Text-to-region grounding data
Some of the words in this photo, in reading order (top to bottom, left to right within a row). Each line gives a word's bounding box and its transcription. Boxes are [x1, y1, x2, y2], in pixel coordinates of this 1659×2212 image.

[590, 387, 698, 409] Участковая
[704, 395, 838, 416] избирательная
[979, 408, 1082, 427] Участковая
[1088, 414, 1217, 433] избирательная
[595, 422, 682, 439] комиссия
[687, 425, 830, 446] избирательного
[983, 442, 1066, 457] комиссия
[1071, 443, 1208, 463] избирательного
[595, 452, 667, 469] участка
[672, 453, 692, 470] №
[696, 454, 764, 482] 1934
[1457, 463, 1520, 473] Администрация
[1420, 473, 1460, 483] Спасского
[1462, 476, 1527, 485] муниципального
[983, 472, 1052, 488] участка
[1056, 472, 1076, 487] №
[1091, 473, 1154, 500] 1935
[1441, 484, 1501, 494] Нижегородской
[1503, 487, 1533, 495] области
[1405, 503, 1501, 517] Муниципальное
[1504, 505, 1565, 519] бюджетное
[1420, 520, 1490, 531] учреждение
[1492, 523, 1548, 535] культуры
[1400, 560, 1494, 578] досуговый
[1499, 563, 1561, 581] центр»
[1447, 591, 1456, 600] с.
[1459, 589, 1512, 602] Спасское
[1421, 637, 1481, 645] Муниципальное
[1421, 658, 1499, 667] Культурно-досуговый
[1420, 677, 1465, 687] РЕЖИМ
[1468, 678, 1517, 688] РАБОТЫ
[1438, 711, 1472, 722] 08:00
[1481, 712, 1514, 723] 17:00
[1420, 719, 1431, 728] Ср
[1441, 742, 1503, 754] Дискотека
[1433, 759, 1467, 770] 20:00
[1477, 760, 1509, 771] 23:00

### Task item:
Nothing in the records may be dropped; reproduce them exactly.

### Output for this task:
Some of the words in this photo, in reading order (top to bottom, left to right within a row). Each line gives a word's bounding box and its transcription. Boxes are [x1, y1, x2, y2], in pixel coordinates of this 1659×2212 image.

[590, 387, 698, 409] Участковая
[704, 395, 838, 416] избирательная
[979, 408, 1082, 427] Участковая
[1088, 414, 1217, 433] избирательная
[595, 422, 682, 439] комиссия
[687, 425, 830, 446] избирательного
[983, 442, 1066, 457] комиссия
[1071, 443, 1208, 463] избирательного
[595, 452, 667, 469] участка
[672, 453, 692, 470] №
[696, 454, 764, 482] 1934
[1457, 463, 1520, 473] Администрация
[1420, 473, 1460, 483] Спасского
[1462, 476, 1527, 485] муниципального
[983, 472, 1052, 488] участка
[1056, 472, 1076, 487] №
[1091, 473, 1154, 500] 1935
[1441, 484, 1501, 494] Нижегородской
[1503, 487, 1533, 495] области
[1405, 503, 1501, 517] Муниципальное
[1504, 505, 1565, 519] бюджетное
[1420, 520, 1490, 531] учреждение
[1492, 523, 1548, 535] культуры
[1400, 560, 1494, 578] досуговый
[1499, 563, 1561, 581] центр»
[1447, 591, 1456, 600] с.
[1459, 589, 1512, 602] Спасское
[1421, 637, 1481, 645] Муниципальное
[1421, 658, 1499, 667] Культурно-досуговый
[1420, 677, 1465, 687] РЕЖИМ
[1468, 678, 1517, 688] РАБОТЫ
[1438, 711, 1472, 722] 08:00
[1481, 712, 1514, 723] 17:00
[1420, 719, 1431, 728] Ср
[1441, 742, 1503, 754] Дискотека
[1433, 759, 1467, 770] 20:00
[1477, 760, 1509, 771] 23:00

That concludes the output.